-------- Data for analysis

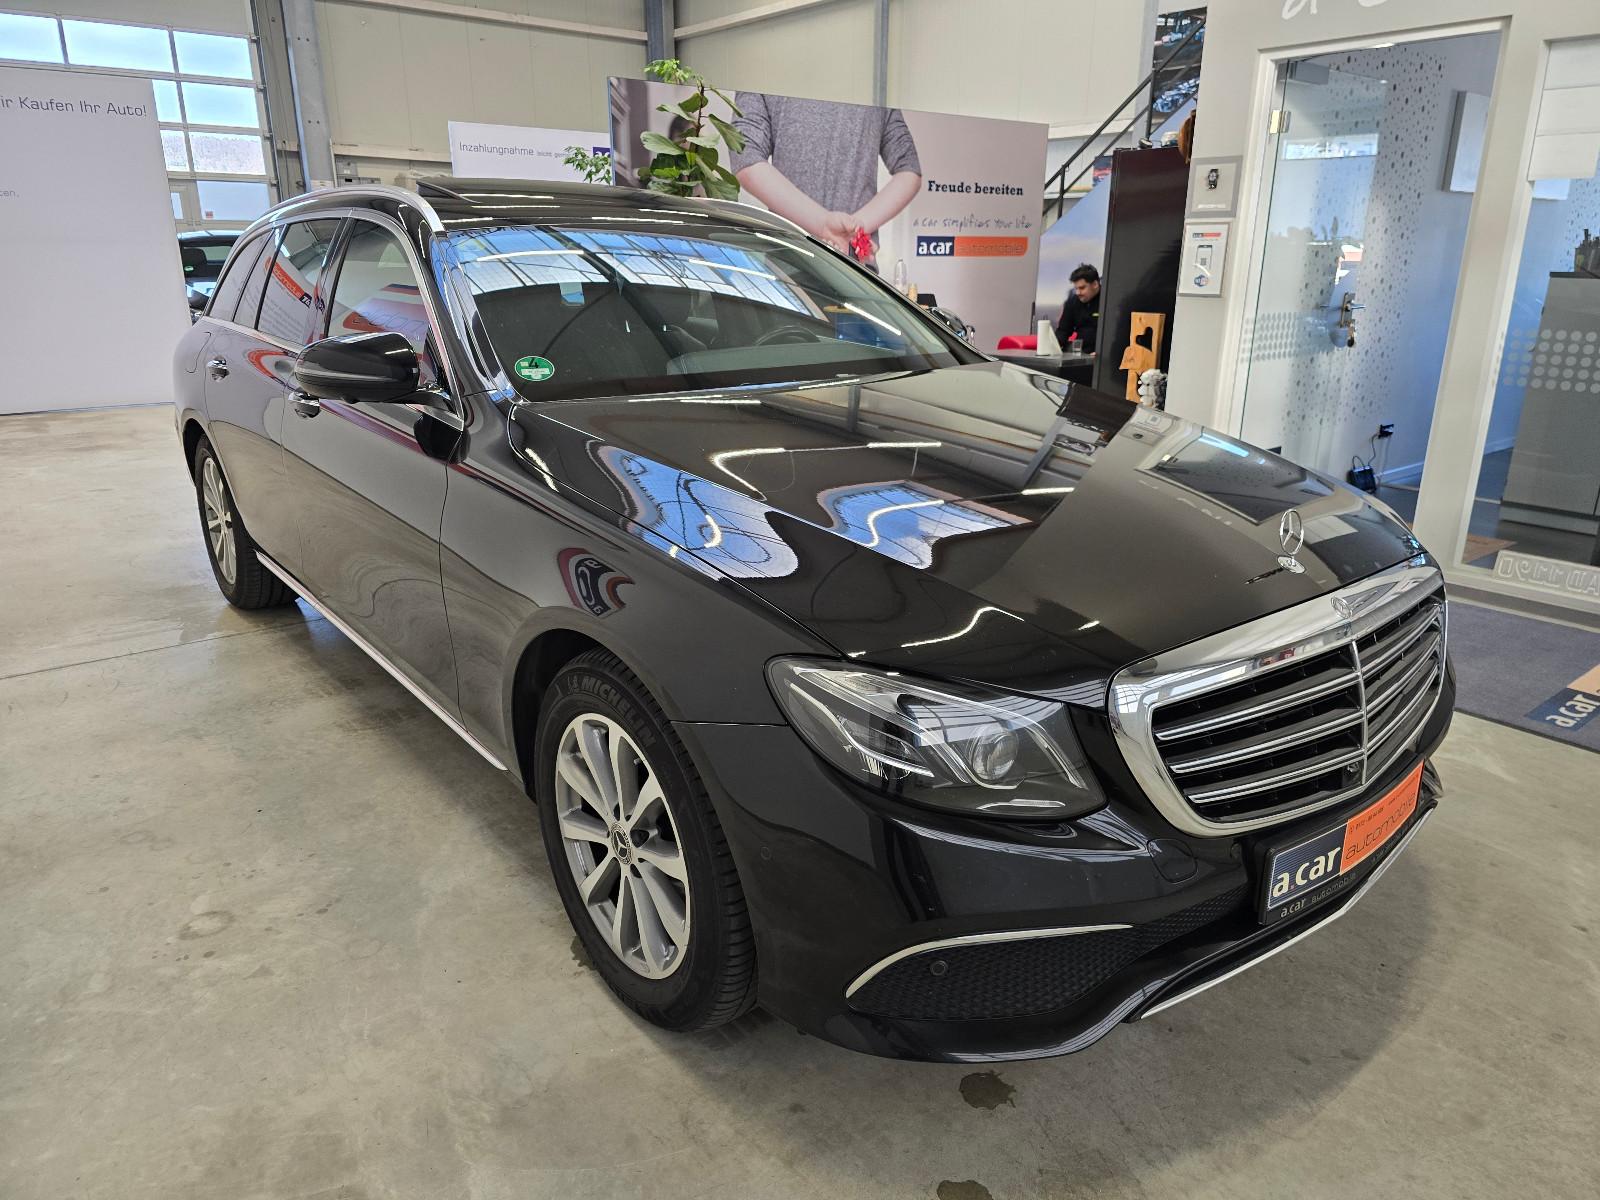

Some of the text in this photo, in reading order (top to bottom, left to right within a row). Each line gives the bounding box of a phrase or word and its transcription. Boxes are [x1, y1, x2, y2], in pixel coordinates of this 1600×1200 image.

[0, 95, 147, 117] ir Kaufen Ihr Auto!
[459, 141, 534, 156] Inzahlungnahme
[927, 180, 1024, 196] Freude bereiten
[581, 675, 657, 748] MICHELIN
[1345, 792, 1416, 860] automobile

----------------

Output the whole listing again, exactly, without its pictures.

**Answer for this exercise:**
Some of the text in this photo, in reading order (top to bottom, left to right within a row). Each line gives the bounding box of a phrase or word and its transcription. Boxes are [x1, y1, x2, y2], in pixel coordinates of this 1600×1200 image.

[0, 95, 147, 117] ir Kaufen Ihr Auto!
[459, 141, 534, 156] Inzahlungnahme
[927, 180, 1024, 196] Freude bereiten
[581, 675, 657, 748] MICHELIN
[1345, 792, 1416, 860] automobile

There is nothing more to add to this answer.